Record set:
◆ ◆ ◆

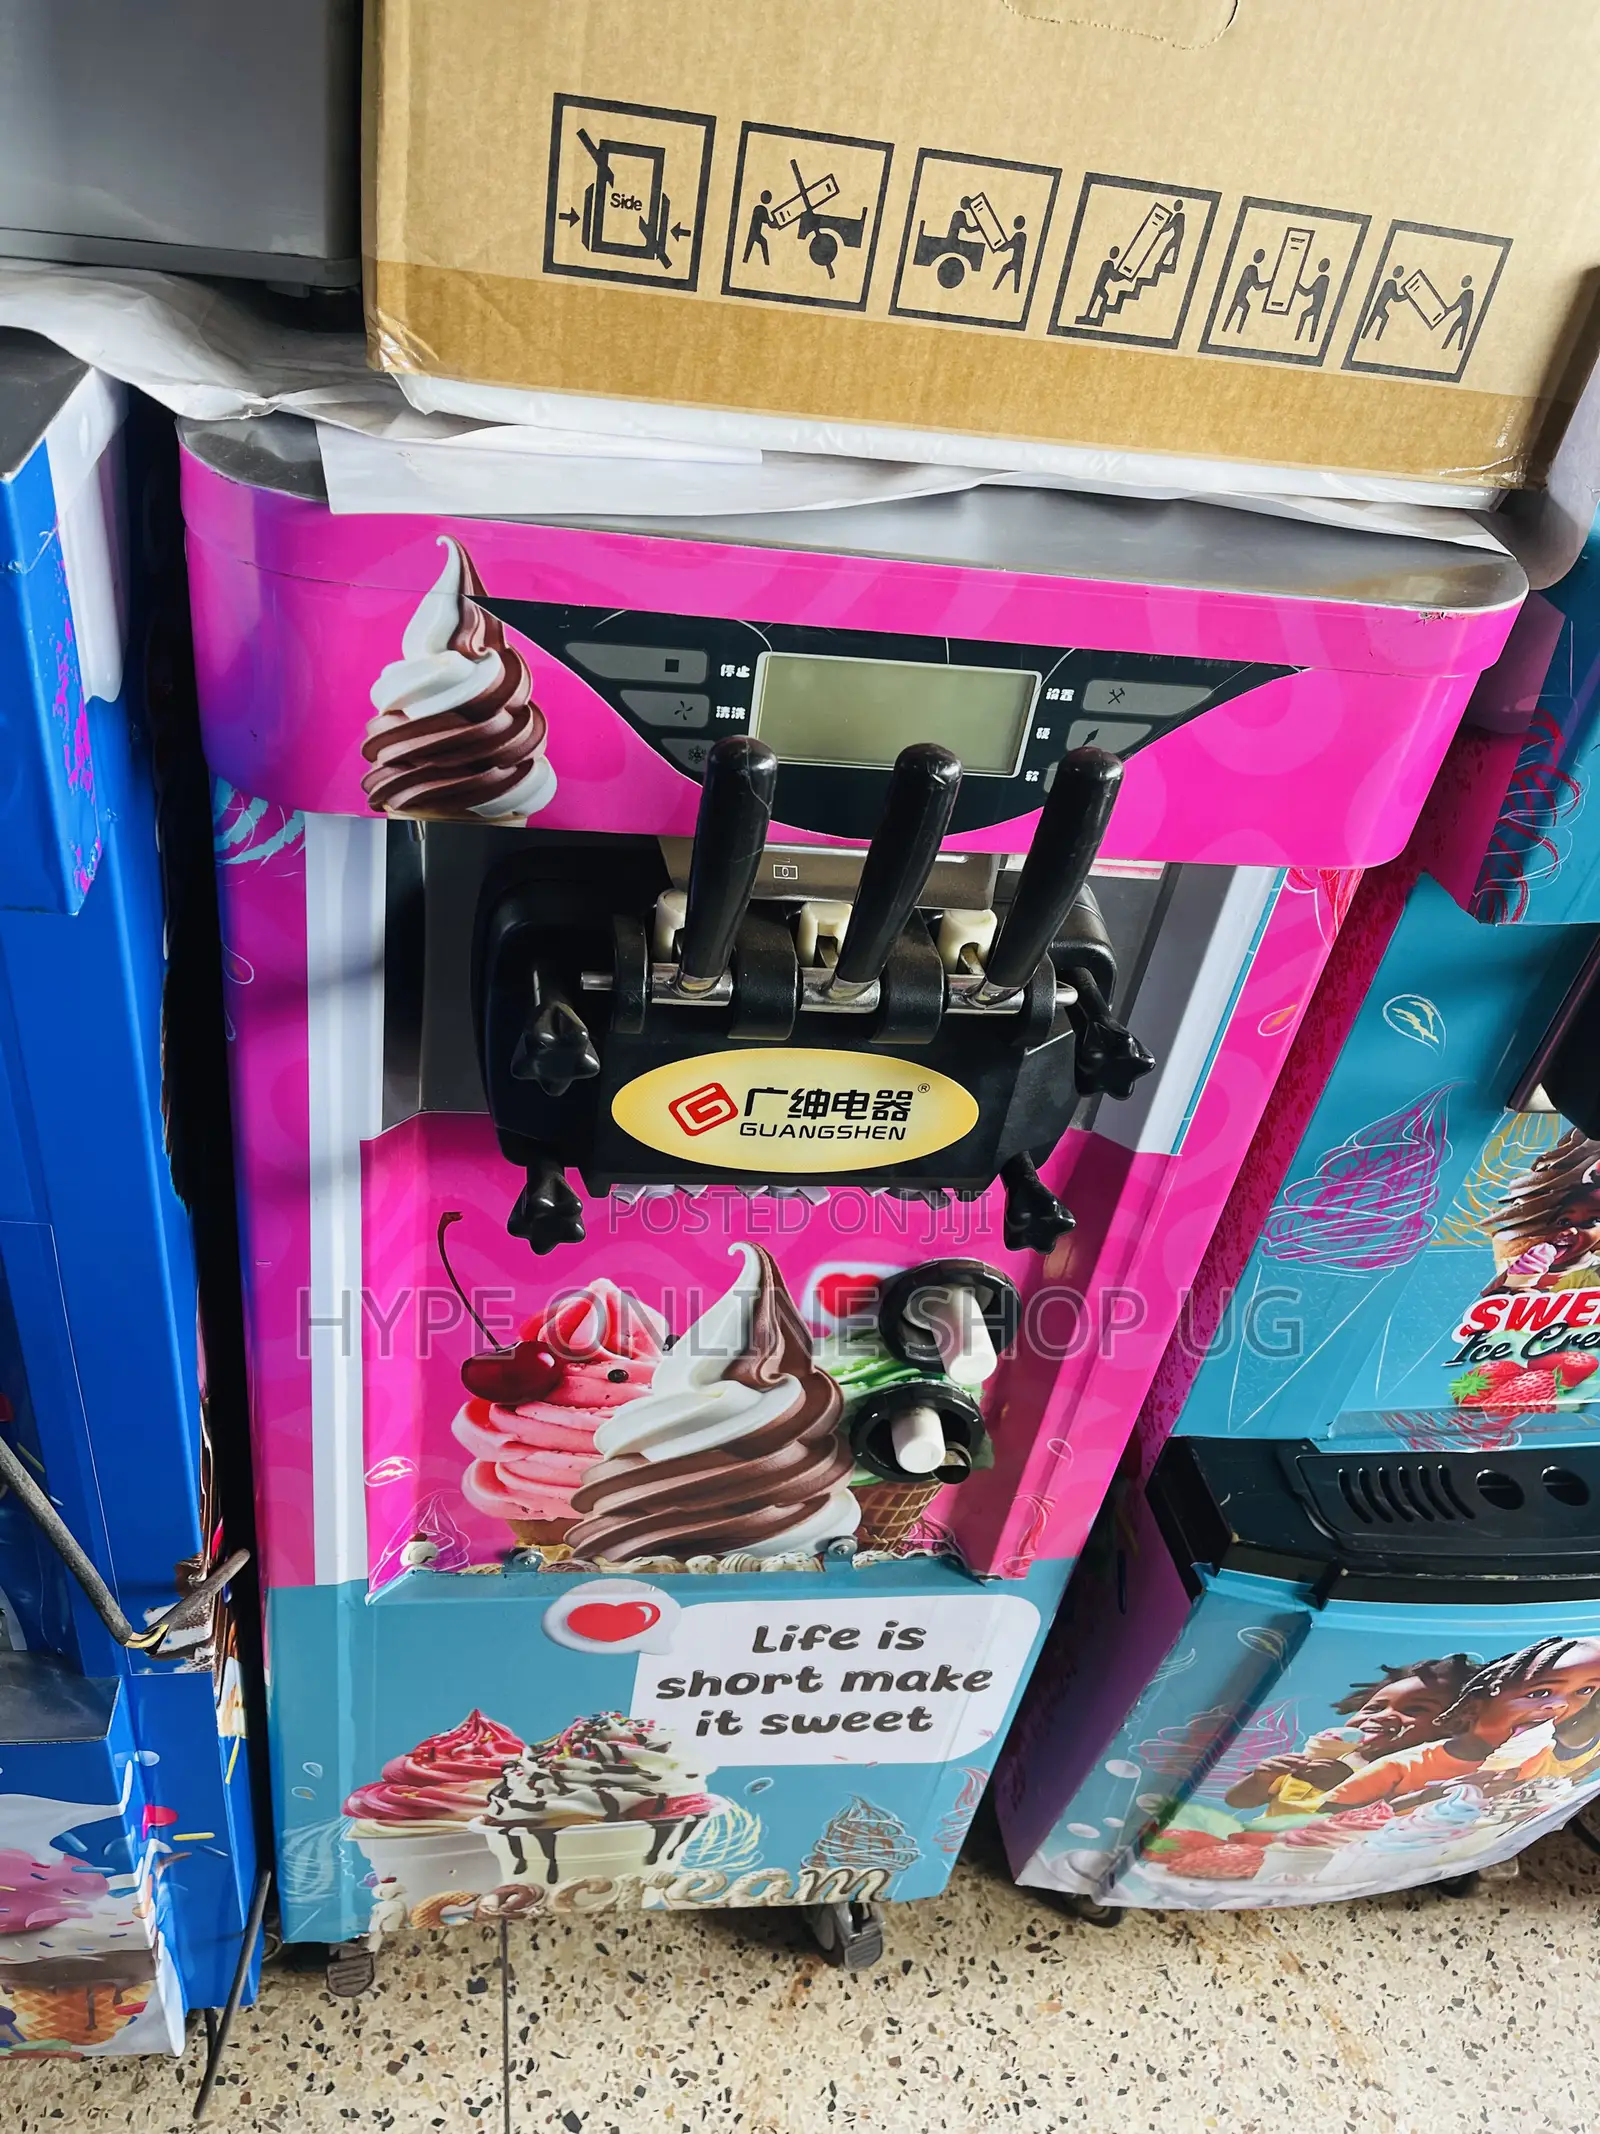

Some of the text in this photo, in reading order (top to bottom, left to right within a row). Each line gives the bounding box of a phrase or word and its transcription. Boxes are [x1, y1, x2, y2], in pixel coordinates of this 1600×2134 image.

[610, 192, 643, 212] Side
[720, 663, 751, 678] 停止
[715, 705, 746, 720] 清洗
[744, 1086, 914, 1122] 广绅电器
[739, 1122, 907, 1141] GUANGSHEN
[1459, 1291, 1600, 1337] SWE
[1442, 1329, 1513, 1366] Ice
[751, 1620, 927, 1653] Life is
[656, 1664, 993, 1699] short make
[696, 1706, 934, 1737] it sweet

◆ ◆ ◆

Assignment: For every record above, repeat the text exactly and omit any picture.

Expected answer:
Some of the text in this photo, in reading order (top to bottom, left to right within a row). Each line gives the bounding box of a phrase or word and its transcription. Boxes are [x1, y1, x2, y2], in pixel coordinates of this 1600×2134 image.

[610, 192, 643, 212] Side
[720, 663, 751, 678] 停止
[715, 705, 746, 720] 清洗
[744, 1086, 914, 1122] 广绅电器
[739, 1122, 907, 1141] GUANGSHEN
[1459, 1291, 1600, 1337] SWE
[1442, 1329, 1513, 1366] Ice
[751, 1620, 927, 1653] Life is
[656, 1664, 993, 1699] short make
[696, 1706, 934, 1737] it sweet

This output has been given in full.